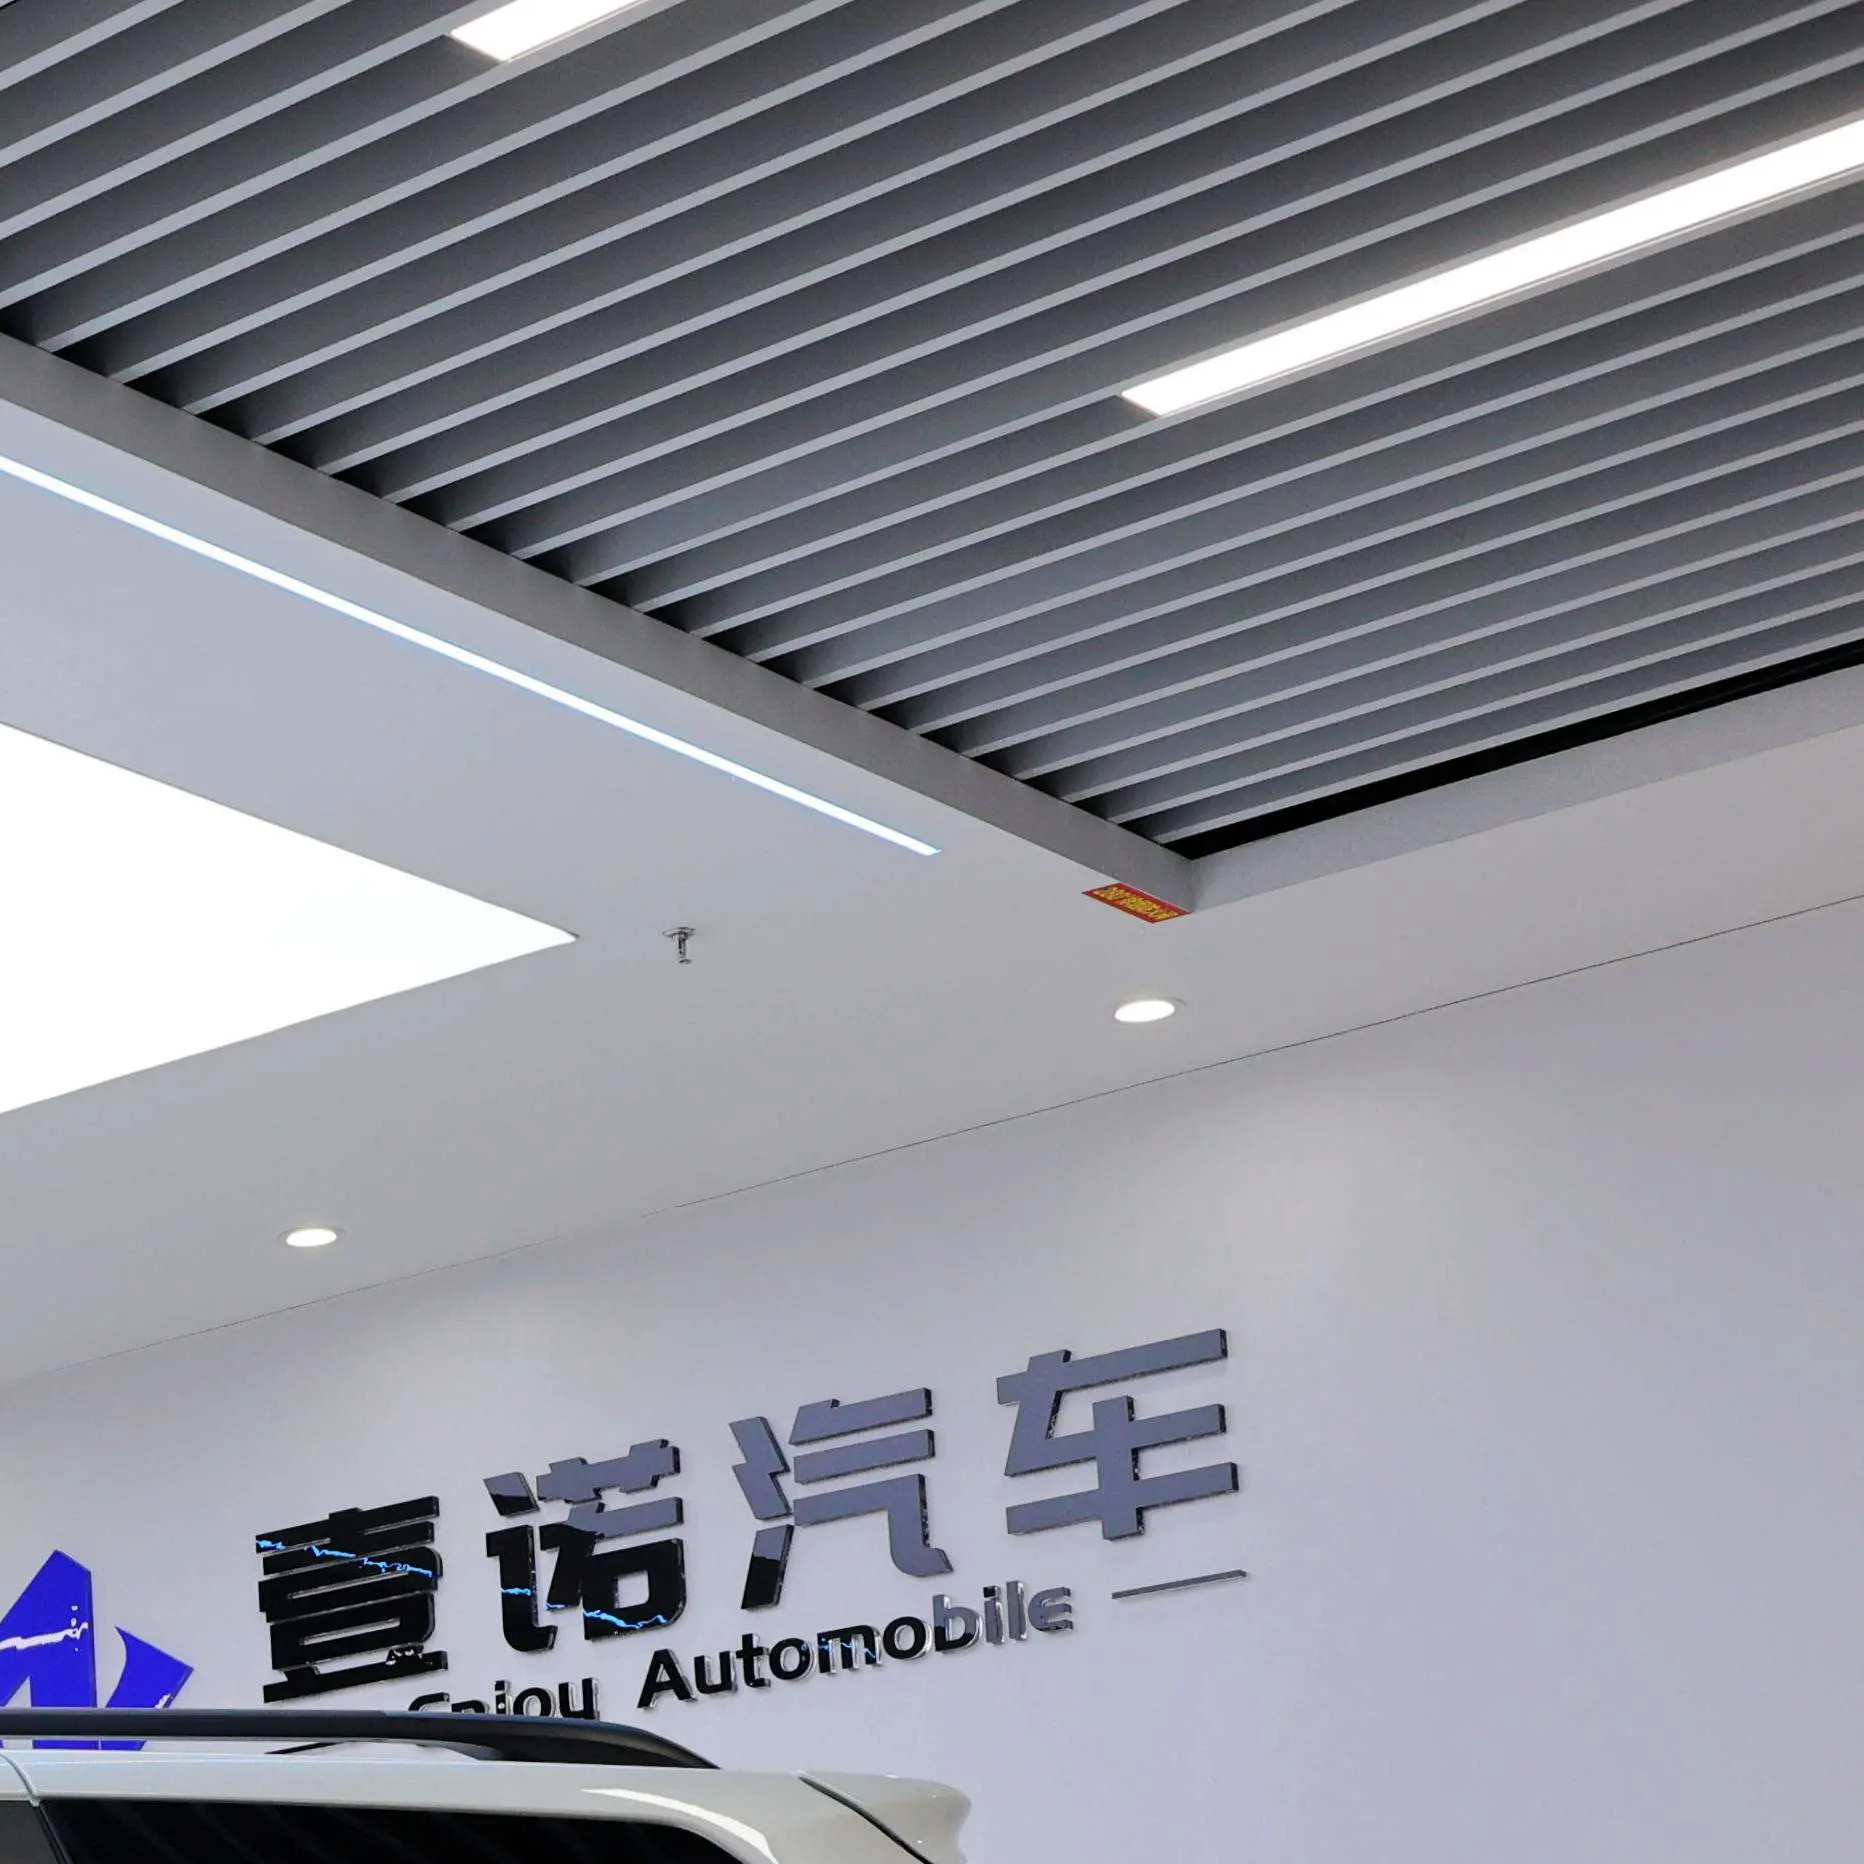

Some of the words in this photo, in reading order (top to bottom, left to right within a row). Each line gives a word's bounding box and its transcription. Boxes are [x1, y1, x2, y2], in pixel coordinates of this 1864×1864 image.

[255, 1328, 1240, 1703] 壹诺汽车
[637, 1580, 1072, 1709] Automobile
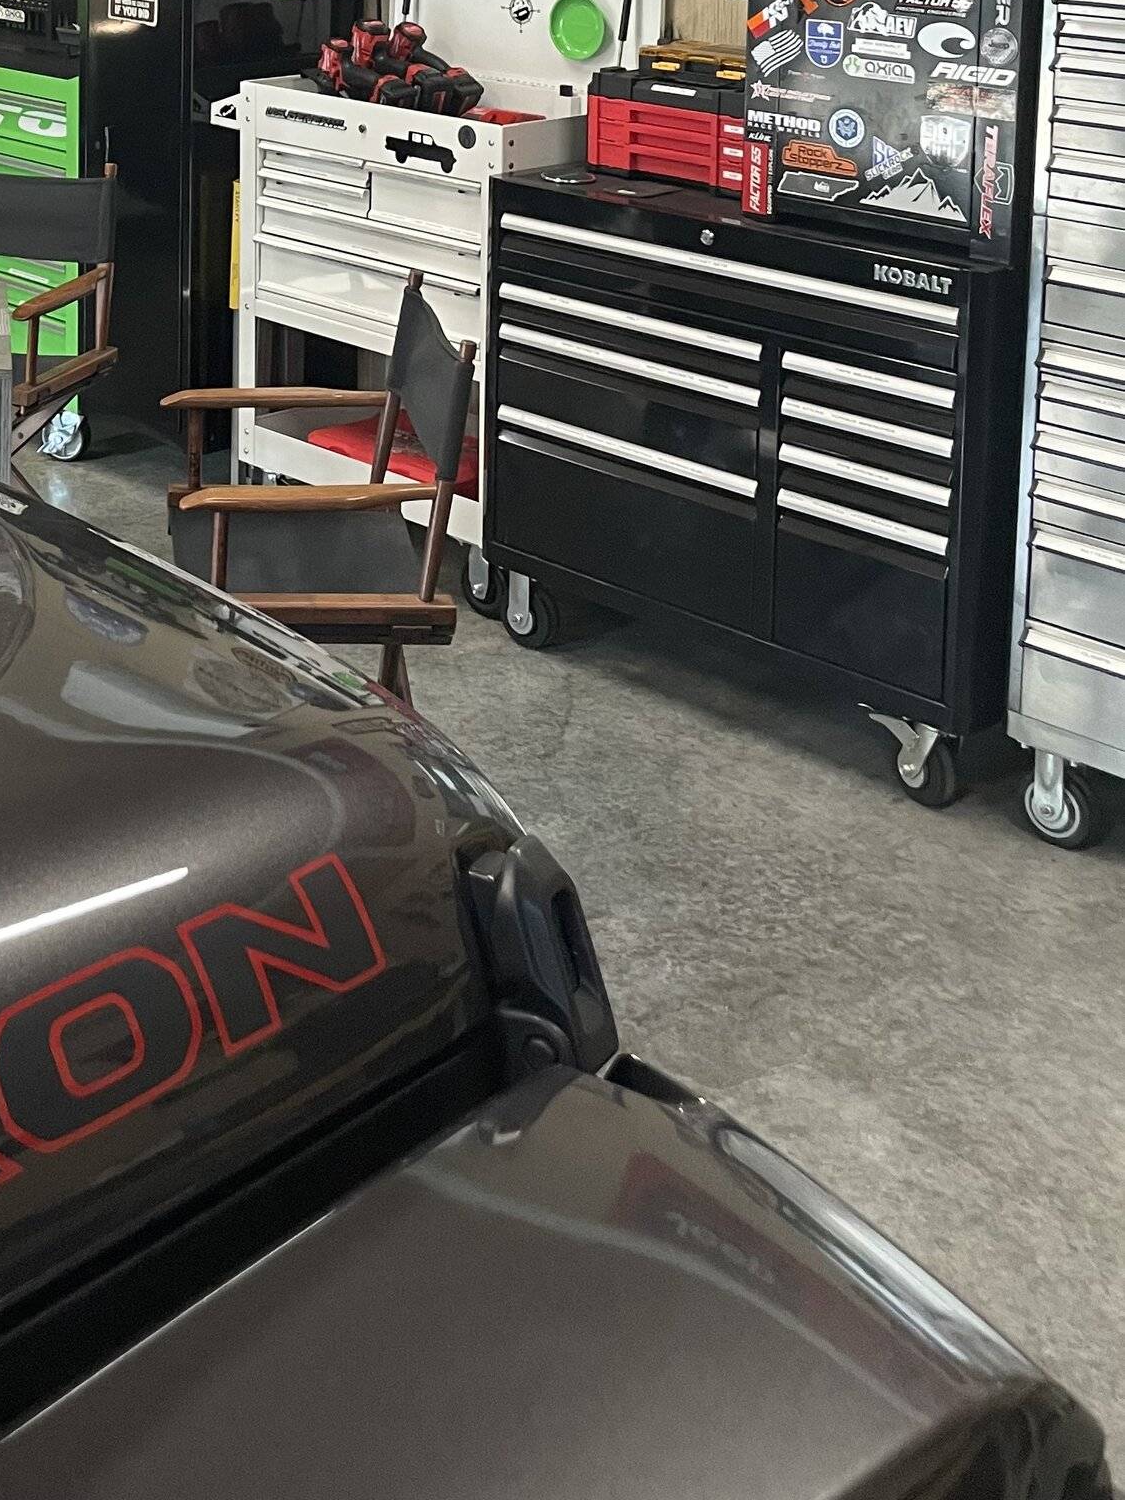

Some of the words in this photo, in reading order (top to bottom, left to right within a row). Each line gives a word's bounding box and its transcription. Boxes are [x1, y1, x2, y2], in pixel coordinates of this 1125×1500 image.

[121, 5, 138, 18] YOU
[930, 61, 1017, 87] RIGID
[747, 109, 822, 132] METHOD
[747, 121, 773, 131] RACE
[776, 127, 822, 139] WHEELS
[750, 145, 762, 165] 55
[749, 165, 762, 212] FACTOR
[873, 263, 953, 296] KOBALT

▸ **ACTION ITEM**:
Print every record above exactly, with no pictures.

▸ **SOLUTION**:
Some of the words in this photo, in reading order (top to bottom, left to right within a row). Each line gives a word's bounding box and its transcription. Boxes are [x1, y1, x2, y2], in pixel coordinates of this 1864×1864 image.

[255, 1328, 1240, 1703] 壹诺汽车
[637, 1580, 1072, 1709] Automobile

Some of the words in this photo, in reading order (top to bottom, left to right within a row). Each line gives a word's bounding box and its transcription. Boxes are [x1, y1, x2, y2], in pixel coordinates of this 1125×1500 image.

[121, 5, 138, 18] YOU
[930, 61, 1017, 87] RIGID
[747, 109, 822, 132] METHOD
[747, 121, 773, 131] RACE
[776, 127, 822, 139] WHEELS
[750, 145, 762, 165] 55
[749, 165, 762, 212] FACTOR
[873, 263, 953, 296] KOBALT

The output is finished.